Car la détermination, c'est bien ce qui aura manqué le plus au président russe pendant tout le déroulement de cette tragédie, qui a donné lieu à une campagne de désinformation rappelant l'ère soviétique, dont le maître du Kremlin est le pur produit. Les circonstances de ce drame et la façon dont l'état-major russe y a fait face, en le plaçant sous le sceau d'un secret-défense qui ne s'entrouvrait qu'à la faveur des informations distillées par Arkady Mamontov, seul journaliste autorisé, du fait de ses « états de service » en Tchétchénie, à embarquer à bord du croiseur Pierre-le-Grand, QG de la marine russe sur le site du naufrage, ont fait dans les médias et l'opinion russes l'objet de vives critiques qui éclabousseront Poutine, taxé d'insensibilité en ces heures tragiques. Tandis que l'on annonçait, avec retard, le naufrage du submersible au large de Mourmansk, le président russe rejoignait sa famille en vacances à Sotchi, cité balnéaire russe baignée par les eaux chaudes de la mer Noire. Alors que la Russie et la planète entière s'émouvaient du sort des sous-mariniers, le président russe laissait le soin de gérer la catastrophe aux militaires, qui naviguaient à vue entre des communiqués contradictoires, donnant l'impression de se soucier moins de la vie de l'équipage que des secrets militaires de la flotte du Nord.

Atermoiements

Quand, après neuf jours d'une opération chaotique et vaine, les militaires russes acceptent les secours extérieurs, il est déjà trop tard : les Norvégiens, qui sont les premiers plongeurs à accéder le 20 août au Koursk, ne peuvent que prononcer l'acte de décès de l'équipage dont les derniers signes de vie avaient été captés le 14, rendant inutile l'intervention du sous-marin de poche britannique LR5, finalement dépêché sur les lieux.

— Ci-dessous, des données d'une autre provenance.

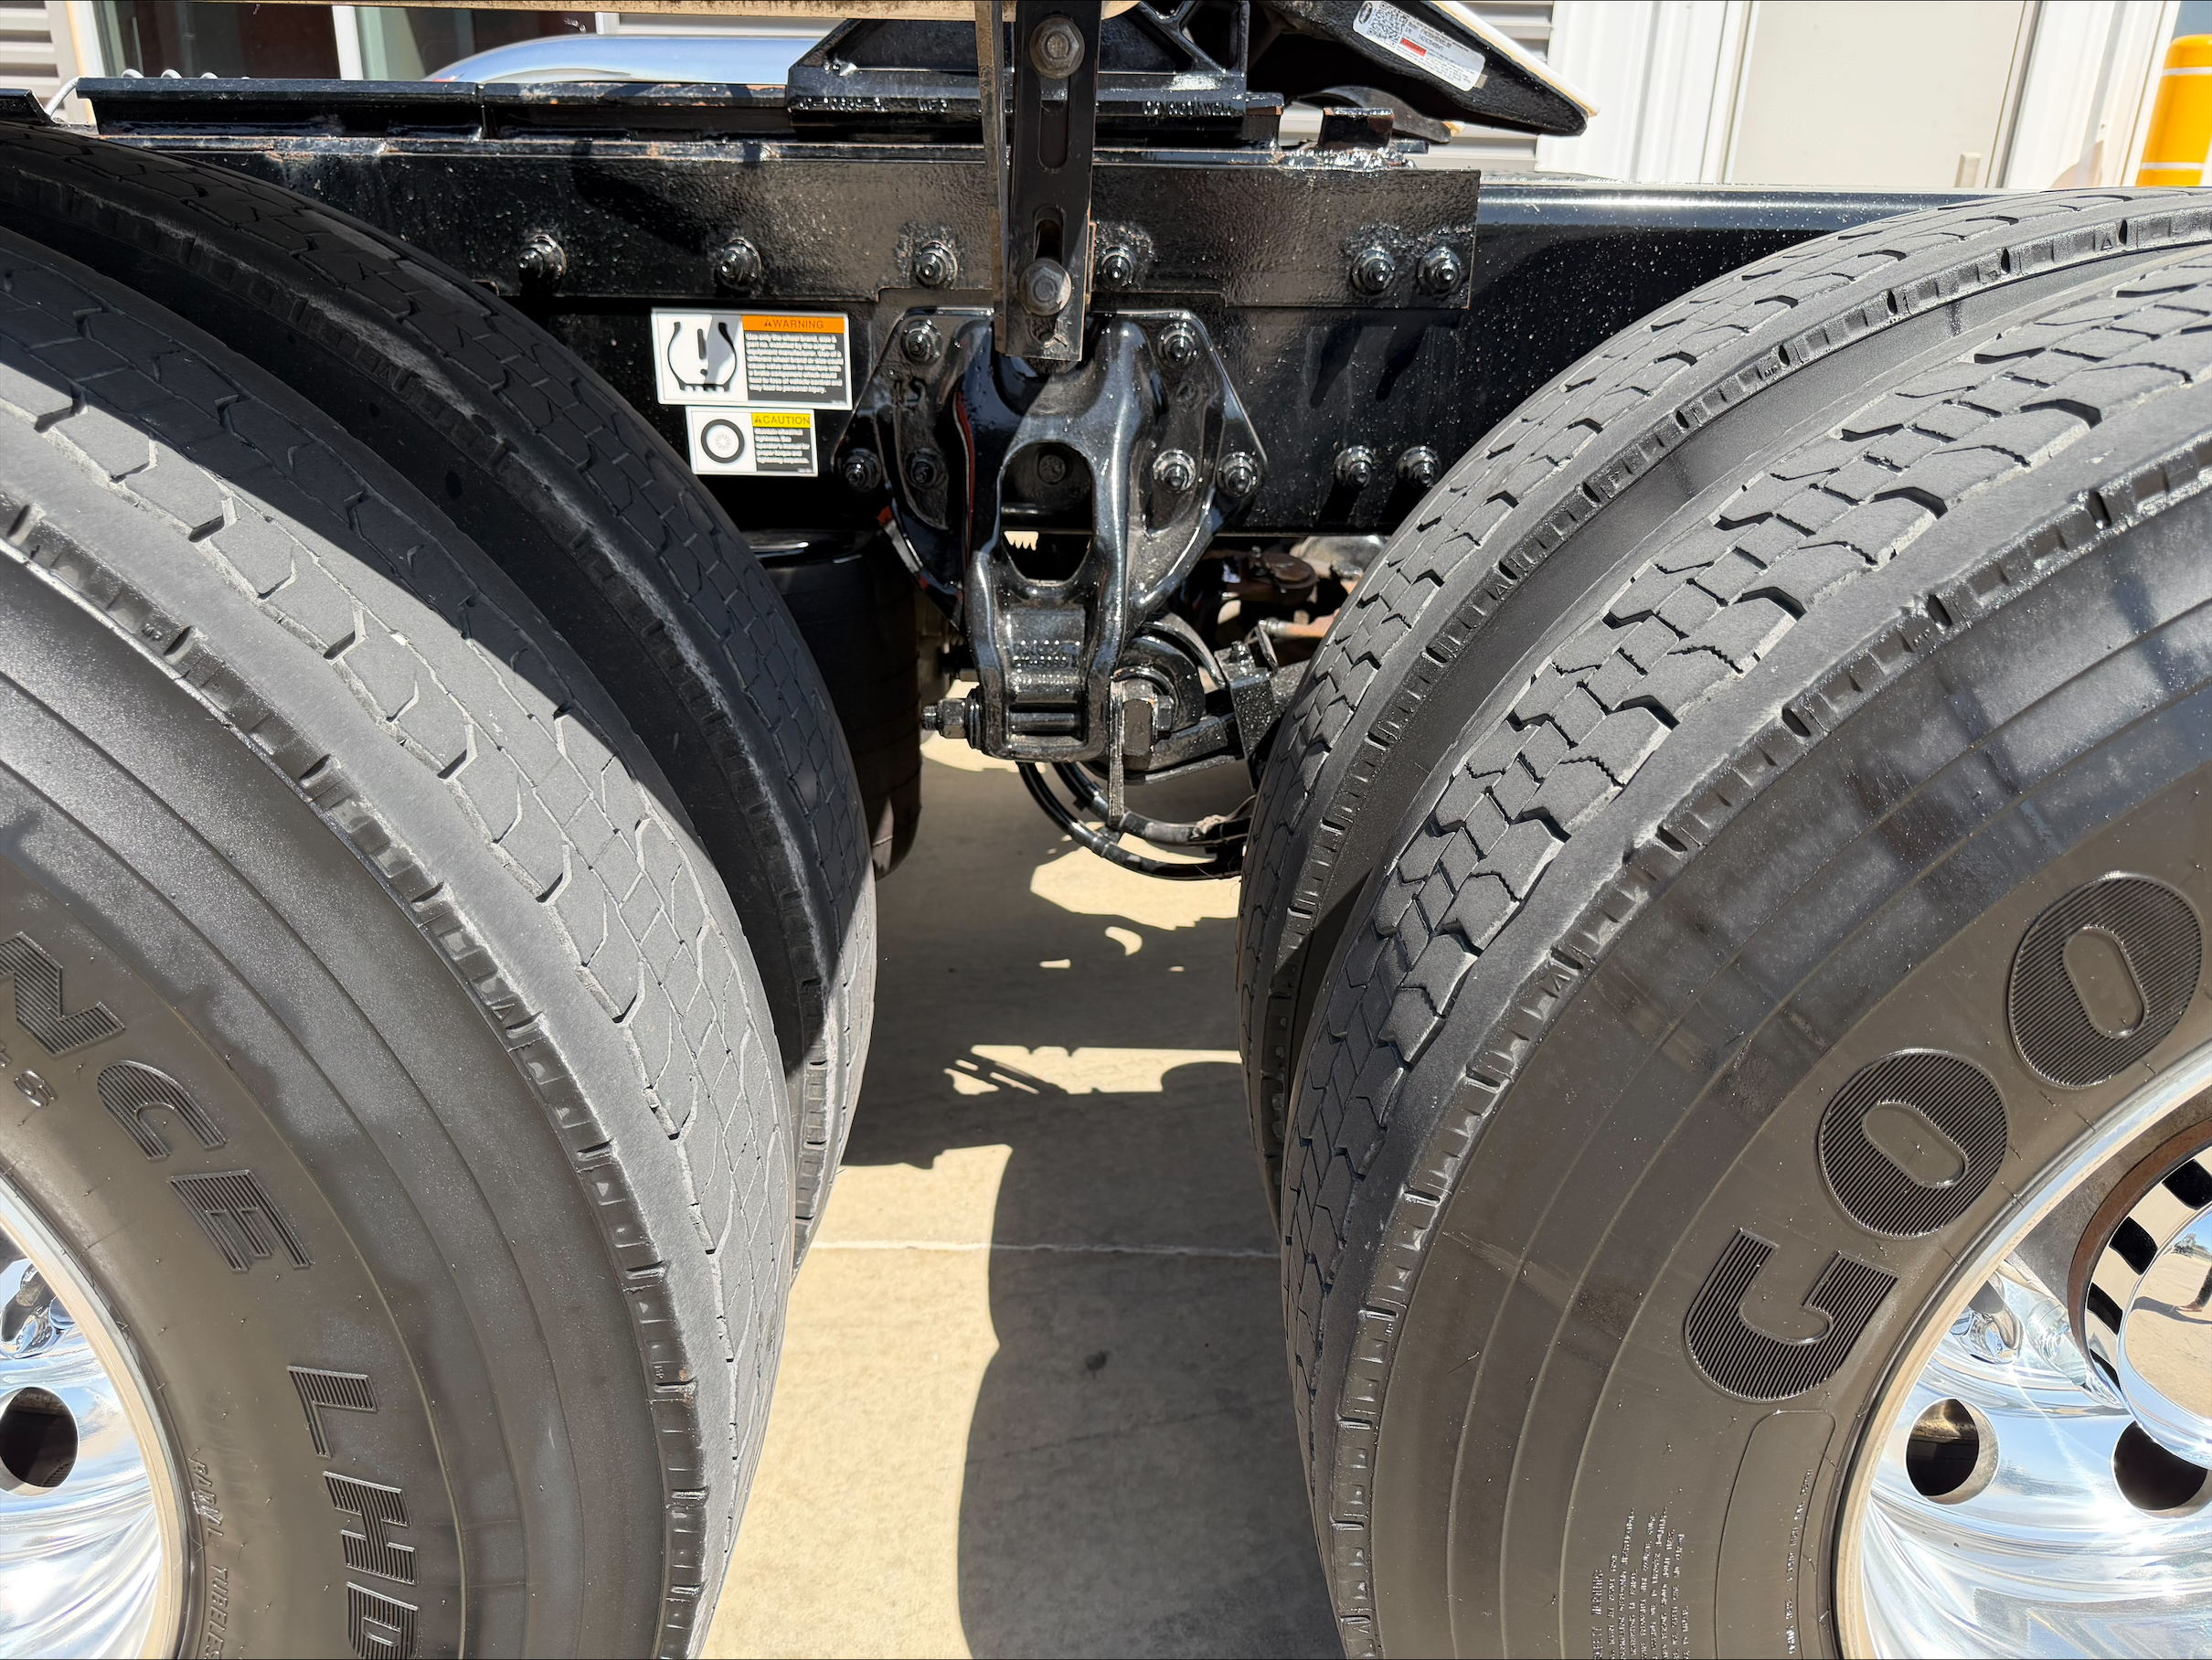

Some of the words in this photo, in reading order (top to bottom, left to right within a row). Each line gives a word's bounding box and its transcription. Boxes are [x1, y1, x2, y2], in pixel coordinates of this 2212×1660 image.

[772, 320, 824, 329] WARNING
[763, 416, 811, 425] CAUTION
[286, 1366, 420, 1658] LHD
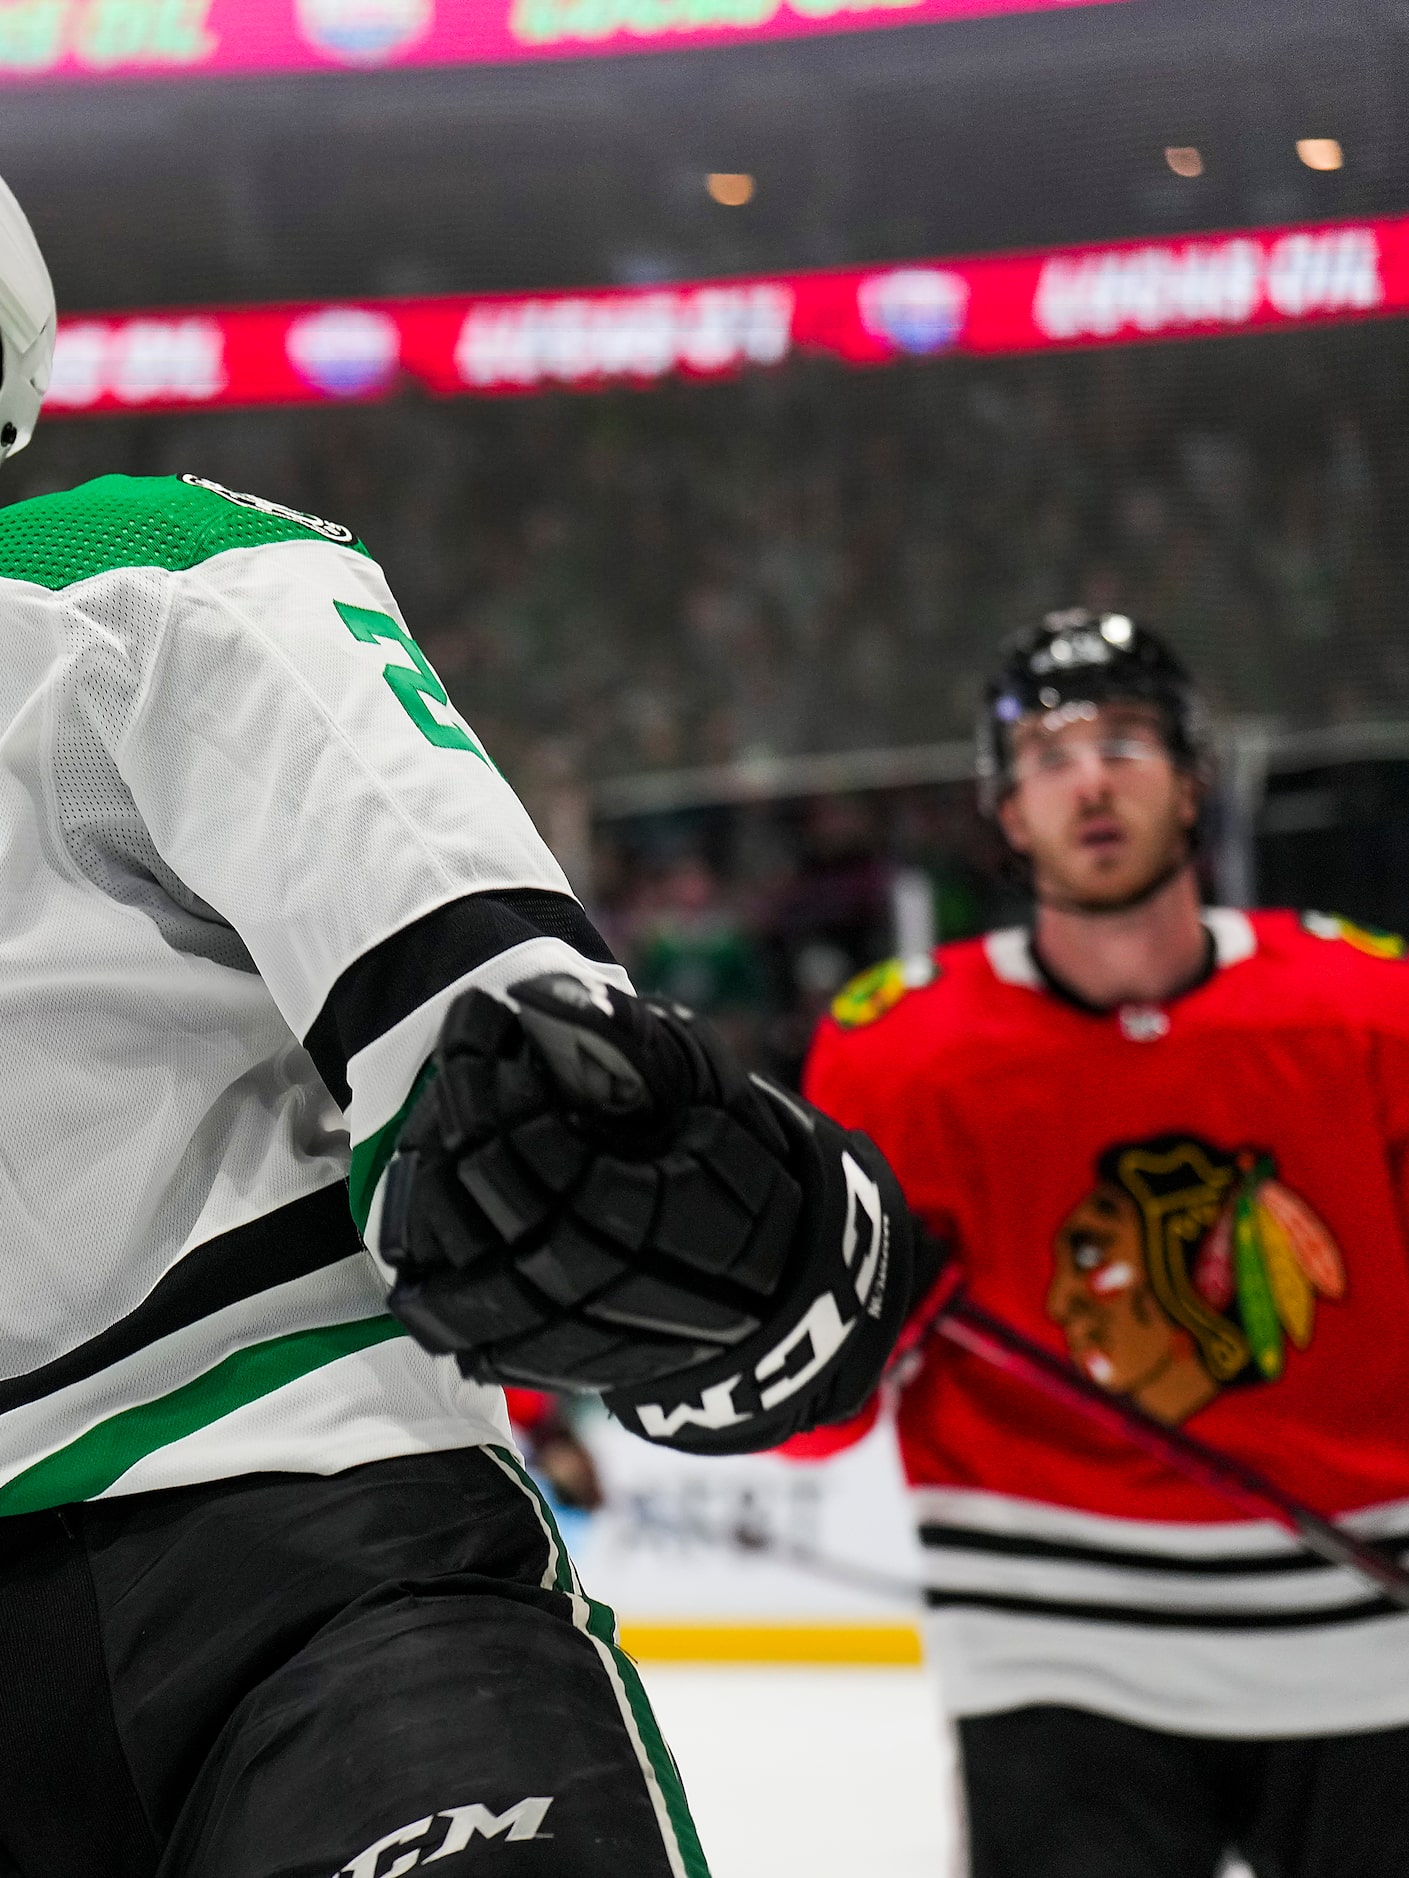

Ces atermoiements traduisent-ils l'impuissance technologique de la marine russe ou plutôt le désarroi de ses services de propagande qui savaient de toute évidence que la quasi-totalité de l'équipage avait péri dans les premières heures du naufrage, dû à une double explosion, et que l'infime espoir de sauver les rares survivants devait s'éteindre deux ou trois jours après ? Le retard avec lequel elle a répondu aux offres d'aide étrangères, d'ailleurs dictées autant par le souci de sauver l'équipage que de vérifier l'absence de fuites radioactives, visait-il à dissimuler quelque faute grave ou des tests d'armes secrètes à l'origine de la catastrophe ?

Des causes inexpliquées

Autant de questions qui obsèdent les proches des victimes venus faire leur deuil dans la base de Vidaïevo, près de Mourmansk, où ils laissent exploser leur colère devant les officiers et ministres qui les reçoivent le 20 août lors d'un face-à-face digne des riches heures de l'information soviétique : les images d'une mère éplorée piquée au sédatif alors qu'elle interpelle un gradé font le tour du monde, rappelant l'URSS d'avant Tchernobyl. Quatorze ans après l'accident de la centrale nucléaire, la tragédie du Koursk montre que la transparence est encore une notion floue en Russie, d'autant plus dans le domaine de la défense, certes tout aussi « réservé » dans nombre de pays dits démocratiques.